Skin Care for the Elderly 2017-01-27T00:04:47+00:00

AGING AND YOUR SKIN

As we age, there is no escaping the tell-tale signs of aging skin, following the biological clock’s unforgiving beat.
There are, however, major factors that influence premature aging of the skin, and first and foremost among these is avoidance of the sun’s harmful UV rays. You need only see the leathered faces of lifelong sun-worshippers who are paying dearly for a life spent unprotected from the clear, blue skies of California or the Mediterranean. Young or old, it is a well proven fact that overexposure to the sun compromises skin integrity, expedites the aging look and is a major risk factor for skin disorders including skin cancer.

If you want proof that over time it is the sun that causes most of the aging process of your skin, check out your buttocks (which receive very little UV sunlight) compared to your face and forearms. Do you see any wrinkles, spider veins, sagging skin, enlarged pores or brown spotting? I’m willing to bet you do not.






Love the skin you’re in

The skin is the body’s largest organ and performs many important functions. Whether you are eight or 80, your skin protects you in so many ways. When your health is compromised, it is frequently the skin that communicates the problem, often acting as a warning sign; some examples would be the hives in allergies, paleness before a stomach disorder, and tingling of the skin for a person with diabetes.
The skin reflects emotions – the pallor of fear, the flush of shyness or the sweat of anxiety. It is also the beacon of sexual attraction.

Just as the heart, liver, brain, and eyes are organs of the body, so the skin is also regarded as an organ – in fact, it is the largest organ of the body, and accounts for 15% of the entire body weight. The skin is more than just a container in which the skeleton and other body parts are contained. It is the critical interface between the body and a hostile environment which includes the sun’s rays, bacteria, viruses, toxic fumes, damaging chemicals, and extreme temperatures.

The skin differs from individual to individual, from race to race, and from one area of the body to another. All skin, however, has the same basic structure, consisting of three different layers: the epidermis, dermis and fat.

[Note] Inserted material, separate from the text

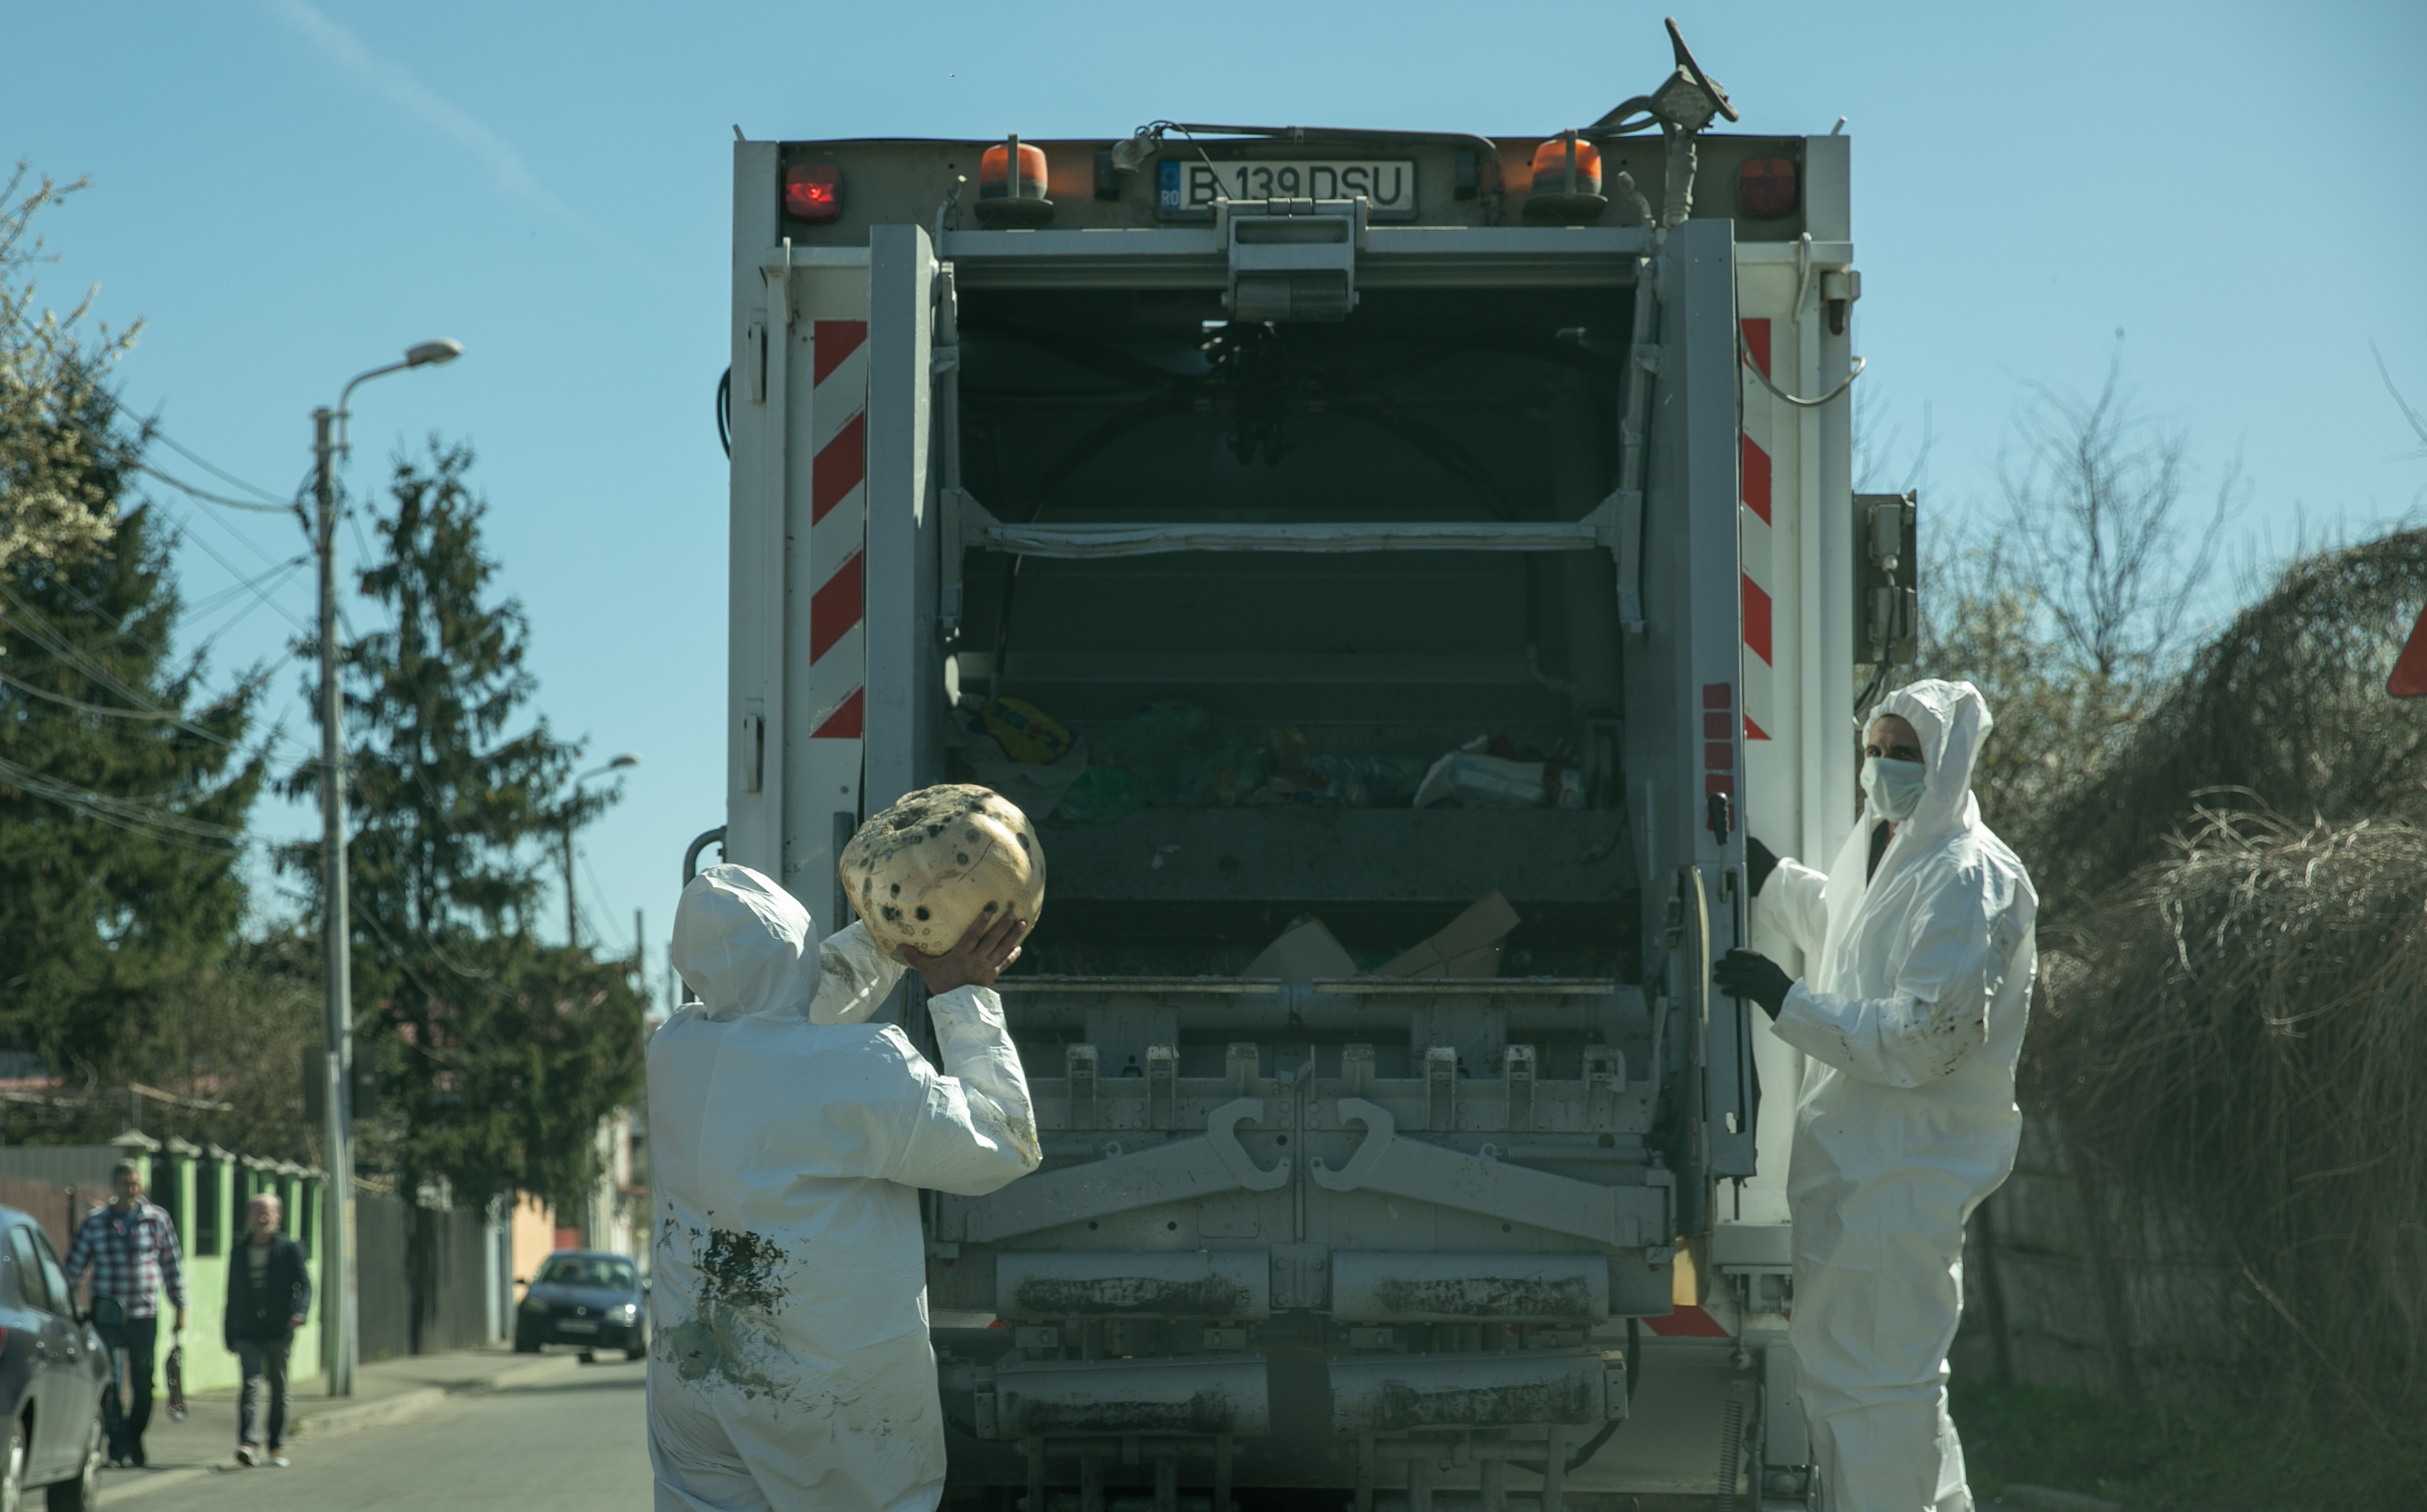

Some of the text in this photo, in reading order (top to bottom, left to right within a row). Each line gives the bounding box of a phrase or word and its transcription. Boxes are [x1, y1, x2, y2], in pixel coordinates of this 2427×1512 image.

As time progresses we often compare an individual’s chronological age to their biological age by such references as “she doesn’t look that old” or “he certainly looks older than his years.” In truth, time is only one of a number of factors which determines our biological age.

Heredity has a strong influence on the way in which we age, suggesting that our cells may be genetically predetermined to deteriorate or die in line with an established time schedule. This is known as the “alarm clock” theory of aging.
Environmental factors also place wear and tear on our cells, contributing to their eventual deterioration. Where we live, the lifestyles we choose, the self caring habits we adopt and our use of the health care resources all contribute to the skin’s aging process.

The point of this is to demonstrate that a major percentage of your skin integrity as an older person is linked to your entire life activities, consisting of prevention, self care, attitudes, exposure to the sun’s UV rays and so on.
As you age, you may notice that there is a natural thinning of the outer layer of the skin. This can lead to wrinkling but it also means there is less protection to the hostile environment. Subsequently, the older person is more vulnerable to injury because of this increasingly fragile skin.

In elderly people, all skin components usually decrease in numbers. This means, as a caregiver or patient, you will have to make an extra effort to maintain the skin’s integrity.

Aside from changes in the skin due to aging, there are significant risk factors that in many cases can be controlled. The most obvious ones are dryness of the skin and over hydration, and there are many effective products that can help in this regard – for example, incontinence pads and protective skin barrier products in the form of ointments or creams. These options will be presented within the book.

On a final note, it is important for the patient to be treated holistically in that all aspects of health, emotional and other disease states are integrated into the treatment package. As a patient, it is essential that you communicate your concerns to your health care provider, and as a health care provider you should view the patient from all aspects of health issues to ensure effectiveness of the treatment.